Cinematic Releases: The Scent of Rain and Lightning (2017) - Reviewed

From small town saloons to cattle grazing fields to the rustic back roads of the west, The Scent of Rain and Lightning is a reminder of how its done. 

The thriller is definitely making a comeback. With recent movies like Blue Ruin and Cold in July giving viewers a cold dose of modern realism transposed to the screen, director Blake Robbins now offers a stunning bit of mystery based Americana that brings the Nancy Pickard novel to life. Fans of the book will most likely love this version. How could they not?

With an artistic lens that's definitely reminiscent of his previous work, The Sublime and Beautiful, Robbins' sense for visually effective scenery and morally ambiguous characters hits a high note with this latest film. Instead of resting on the greatness of his last feature, Robbins sets his sights even higher and creates one of the best character studies of 2017. His Scent of Rain and Lightning uses a dusty Western vibe that pits the talents of Maika Monroe against a bevy of gun wielding support players that may have been involved in the murder of both her parents (Grace and Chatwin). 
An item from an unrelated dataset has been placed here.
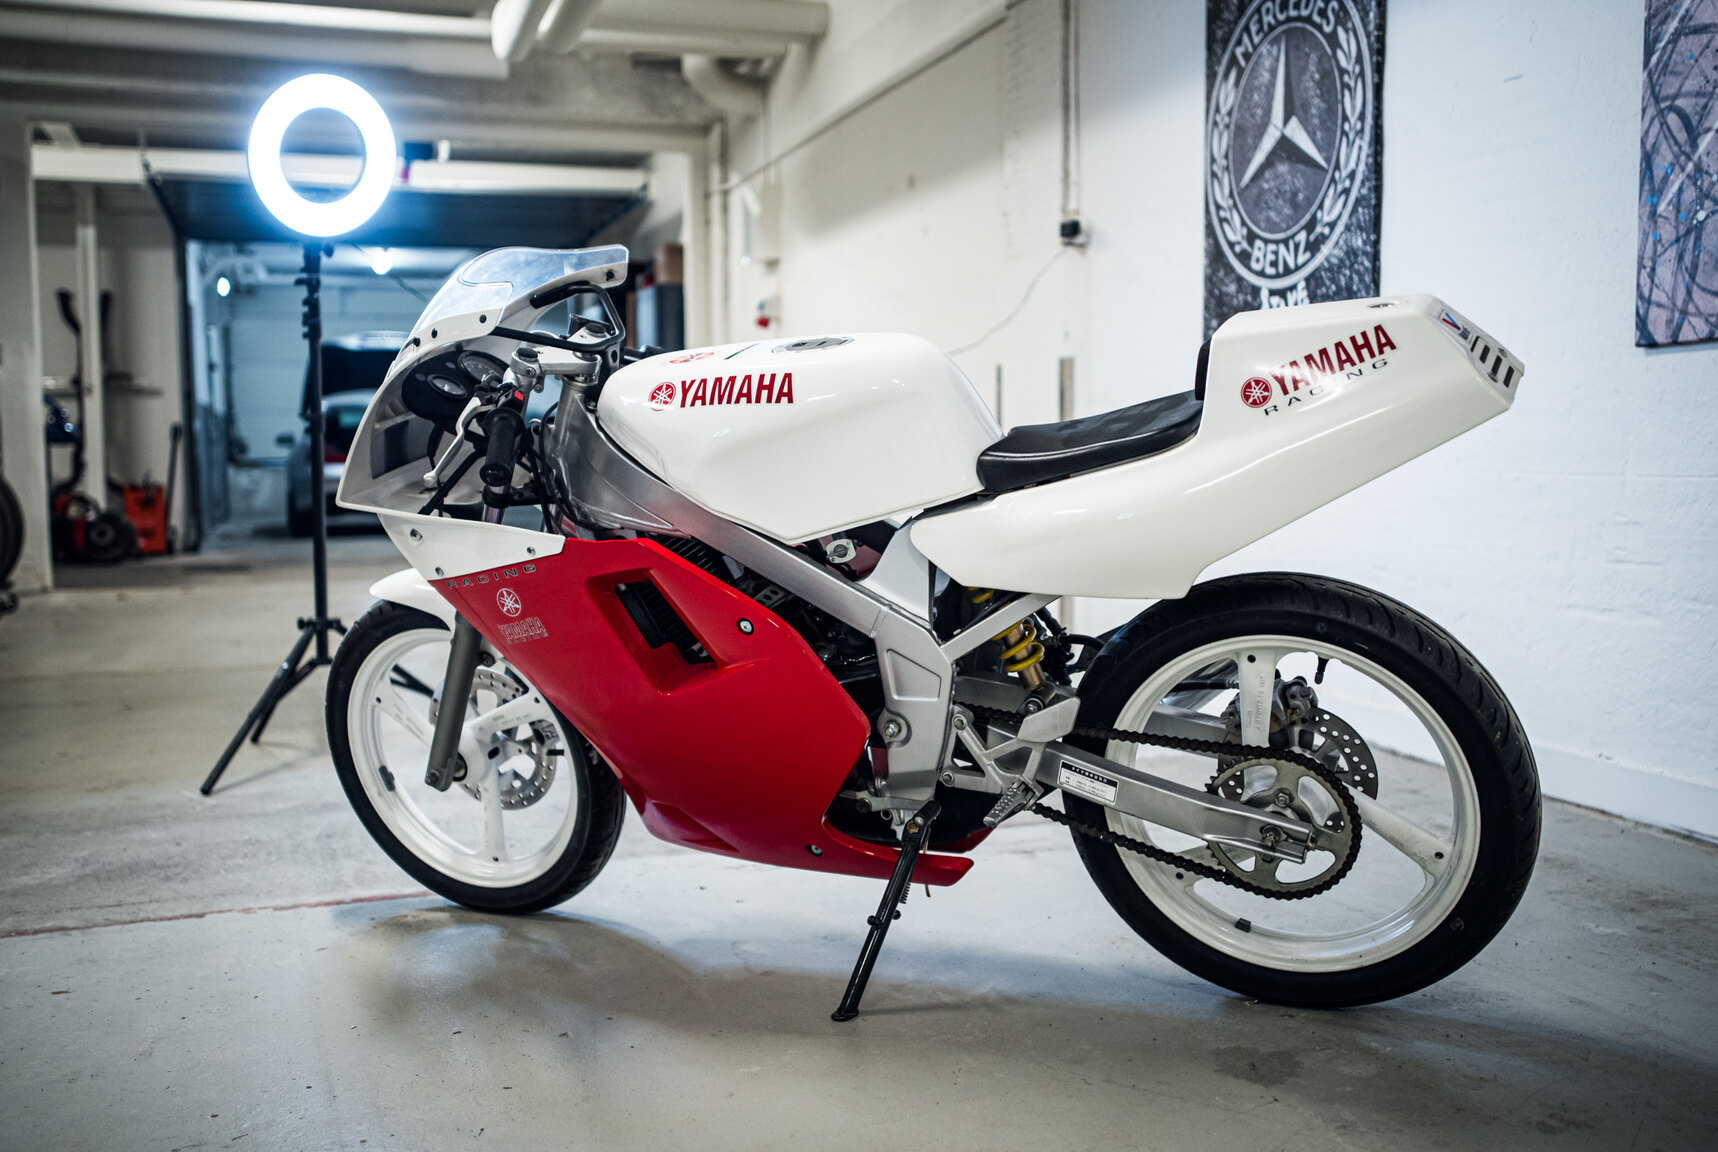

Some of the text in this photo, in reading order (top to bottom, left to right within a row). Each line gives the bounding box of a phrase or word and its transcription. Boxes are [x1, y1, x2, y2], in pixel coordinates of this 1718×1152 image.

As his second full length feature, Robbins strikes a chord that will resonate with a wide audience. Blending the thriller genre with crime drama and old school bits of the cattle rancher dynasty sagas, the stage is set for a movie that amalgamates many themes and emotions. Instead of falling back on a standard narrative, Scent bounces between the present and the past, making this an interesting watch that gives us just enough back story for each key character. Using a stellar cast including the always amazing Monroe, an erotically charged Maggie Grace, a refined Justin Chatwin, Bonnie Bedelia, Mark Webber, and (my favorite) Will Patton, this adaptation is a callback of sorts. The Scent of Rain and Lightning is a steadied reminder of how we used to do things. Thrillers used to be this good. And Robbins may just be bringing them back. 

No. I refuse to tip that cow. 

Considering Robbins long running career as a television and film actor, his control as a director is apparent here. He uses his decades of experience as an anchor and draws emotionally captivating performances from everyone involved. His presentation of story is calm and collected. It's played like he wants the viewer to understand exactly what is going on at all times and never loses focus of the story at hand. In less capable hands, this type of movie might become confusing. With smart editing, controlled pacing, and awesome shots of the countryside, the movie pulls you in and doesn't let you go until the whodunit is solved. Even then, you're left with a harsh taste of reality. 

Being a fan of old school thrillers, I really can't suggest this movie highly enough. See it.